It took a lot of effort on the part of many people, but the newly christened Georgina’s Place is once again, up and running.
“It was a joint effort, and it looks amazing,” said Rev. Vivian Smith. “This town is amazing. You go to the businesses and you ask for help, and you get it.”
The Anglican church’s thrift shop, a popular destination the two days a week that it’s open, was a long-time passion for Georgina Bassett, who recently passed away. Fittingly, it is now named in her honour and re-opened after extensive renovations, including a new tile floor and repainted walls.
There was an official ribbon cutting ceremony Sept. 28 with Bassett’s family, after which patrons flooded the store.
“All I can tell you is there were a lot of smiles,” said volunteer Brian Flewelling. “It’s all down to volunteers, and the businesses in town donated so much too.”
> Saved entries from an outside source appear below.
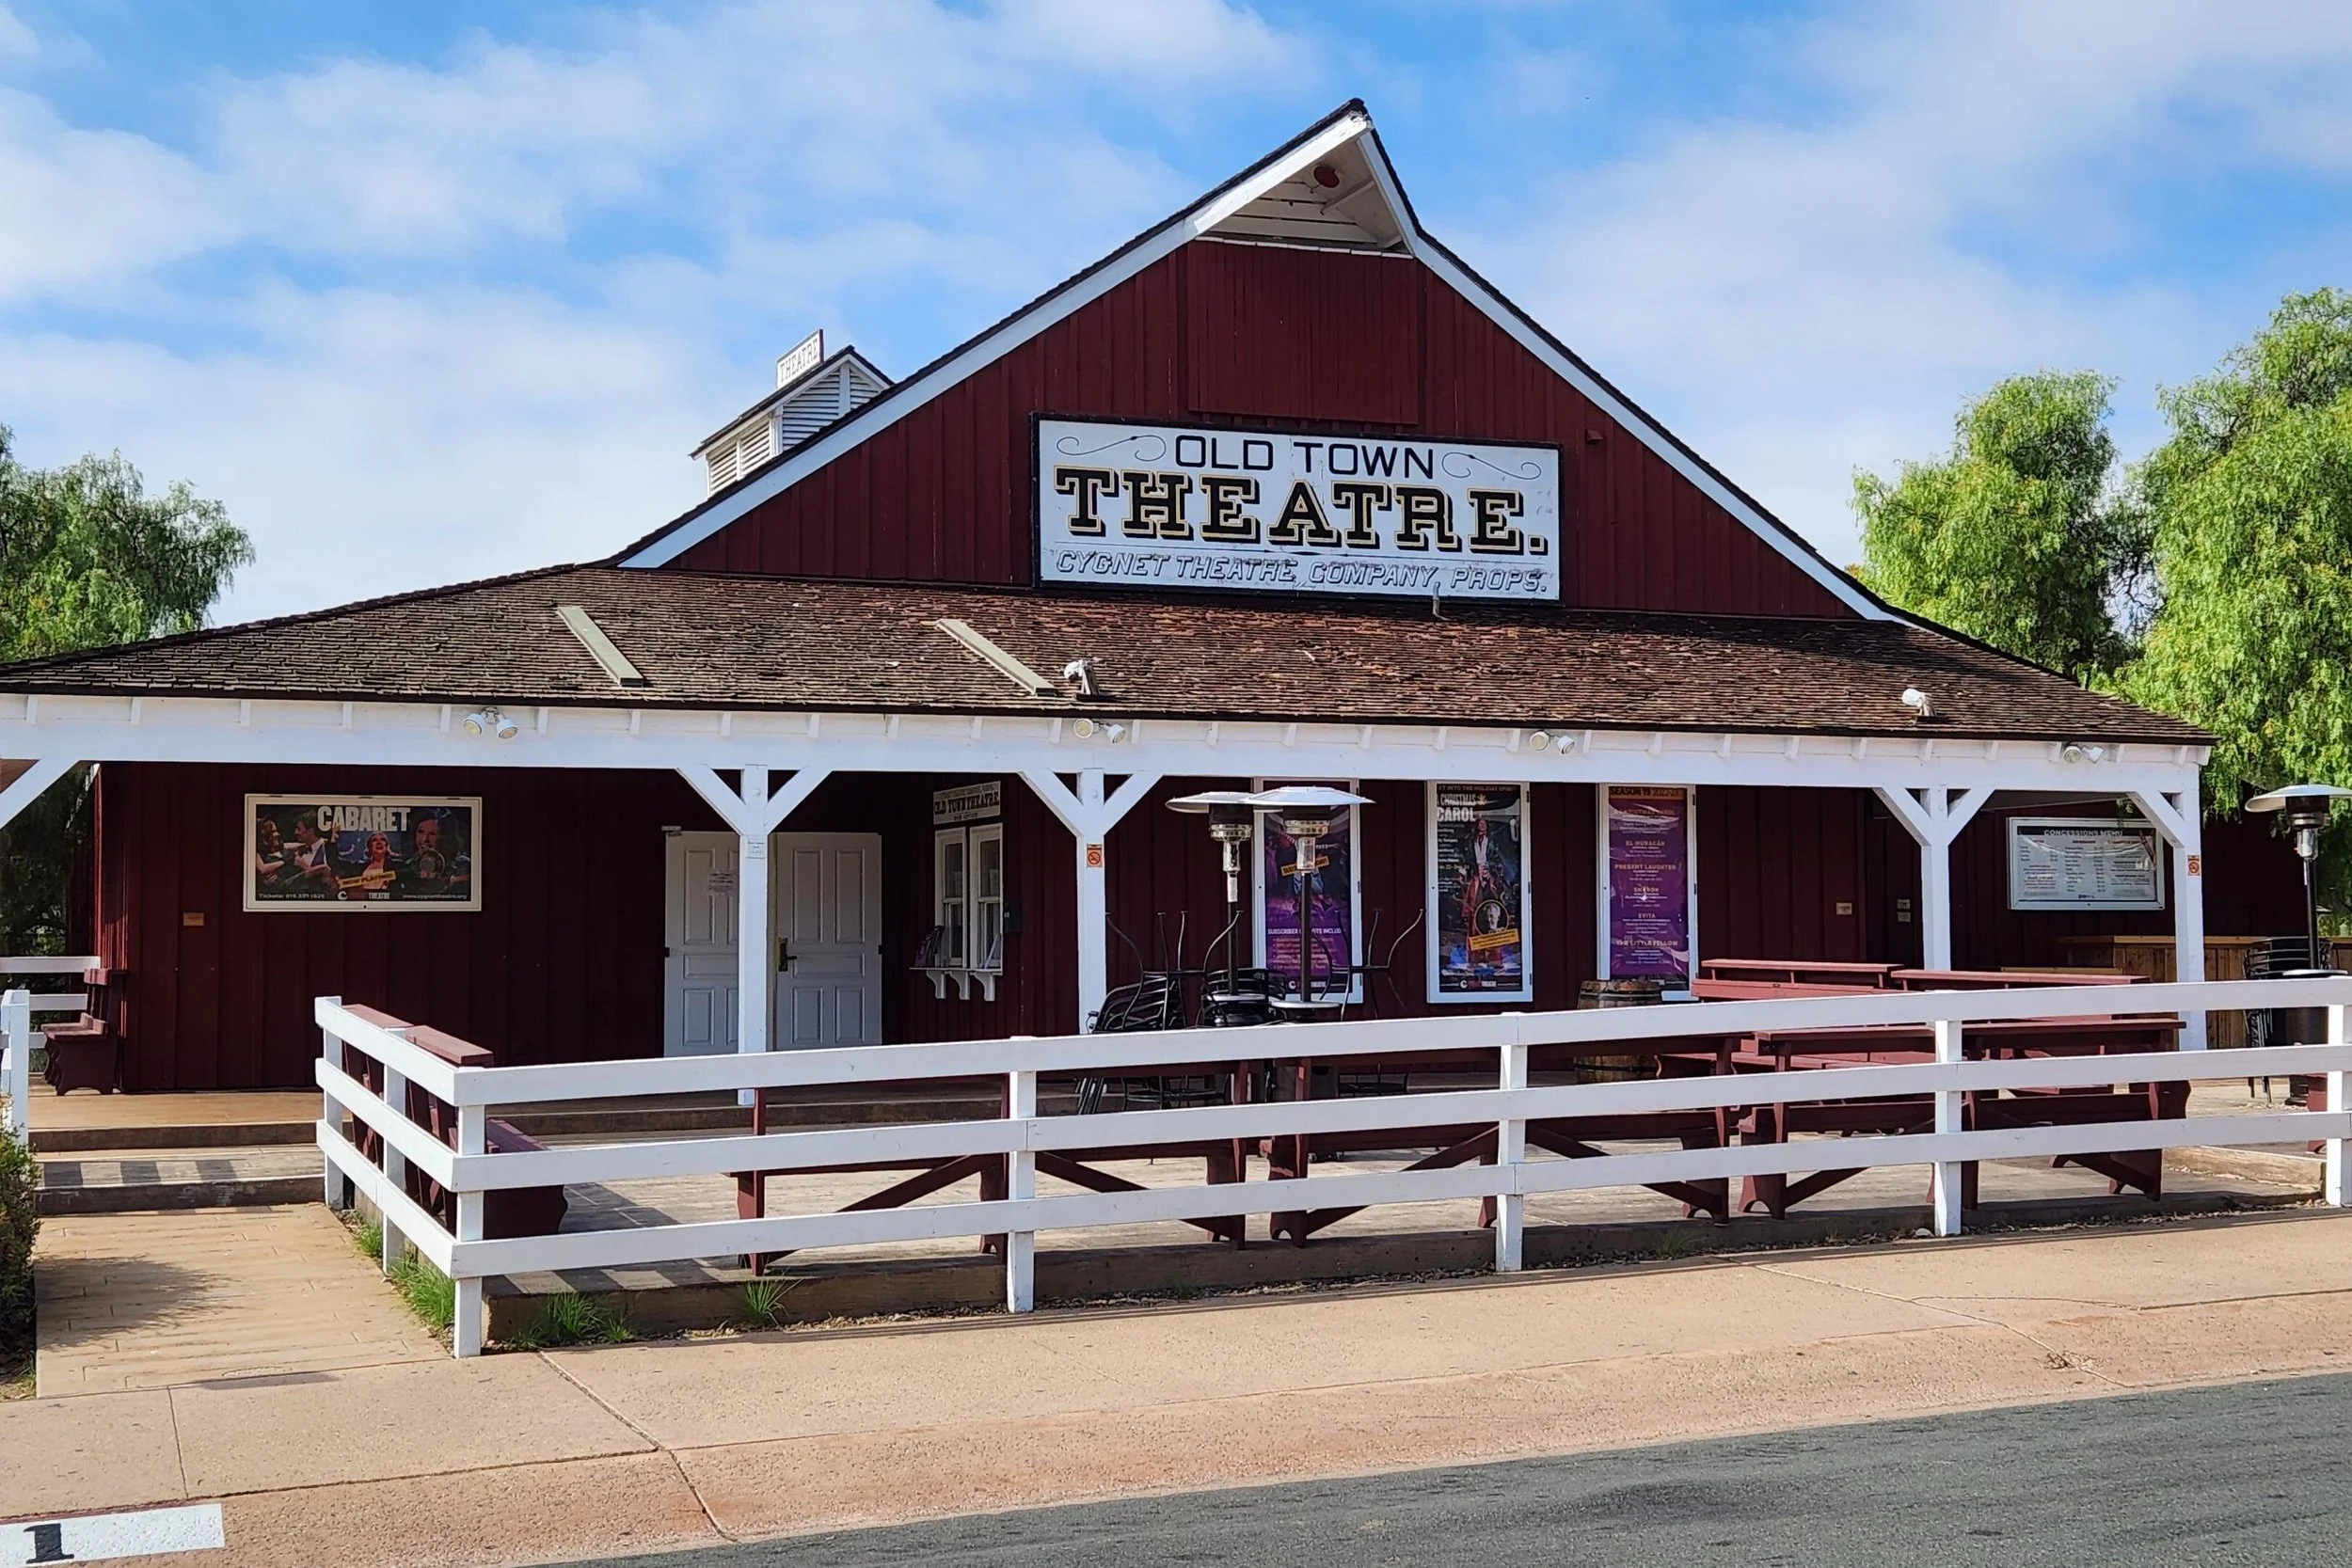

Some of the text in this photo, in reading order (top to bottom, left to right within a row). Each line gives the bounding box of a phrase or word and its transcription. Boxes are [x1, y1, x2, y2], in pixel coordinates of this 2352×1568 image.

[780, 338, 818, 383] THEATRE
[1175, 435, 1435, 479] OLD TOWN
[1054, 465, 1549, 555] THEATRE.
[1057, 549, 1171, 577] CYGNET
[1175, 554, 1298, 582] THEATRE
[1450, 565, 1548, 593] PROPS.
[1610, 786, 1641, 796] SEASON
[318, 805, 411, 832] CABARET
[1437, 807, 1476, 822] CAROL
[368, 892, 390, 900] THEATRE
[24, 1523, 74, 1564] 1
Smith said the last tile went down at 10 a.m. the morning of the ceremony, volunteers having stayed there all night to get it done.
“In Georgina’s memory, I knew we had to do the best we could,” she said, adding that it was one of the former Anglican priest’s final wishes that the thrift store keep its doors open.
“She spent many long hours in here. Her dedication was unbelievable.”
Smith said the volunteers who have flooded the shop in the last few weeks have been trying to get the store changed over from summer to winter clothes, as well as putting on some final touches, but have been hampered in these efforts by the shoppers flocking to the store every time it’s open. Far from bothered, Smith said it was wonderful to see so many people out and making use of the service.
“The bible says it’s better to give than to receive and that’s what we’re doing here,” she said. “We’re giving back to the community.”
Last Saturday, a week after the re-opening, the aisles were packed with shoppers perusing the wares. Children scampered between the adults, filling up bags of books and toys for one dollar per bag.
“Georgina wanted people to have good quality, because people deserve it,” said Smith, recounting how Bassett would spend hours in the shop going through merchandise and taking out anything with a stain or a tear. “She had a good heart, she was a good friend, a good spokesperson, and I know she’s here today in spirit.”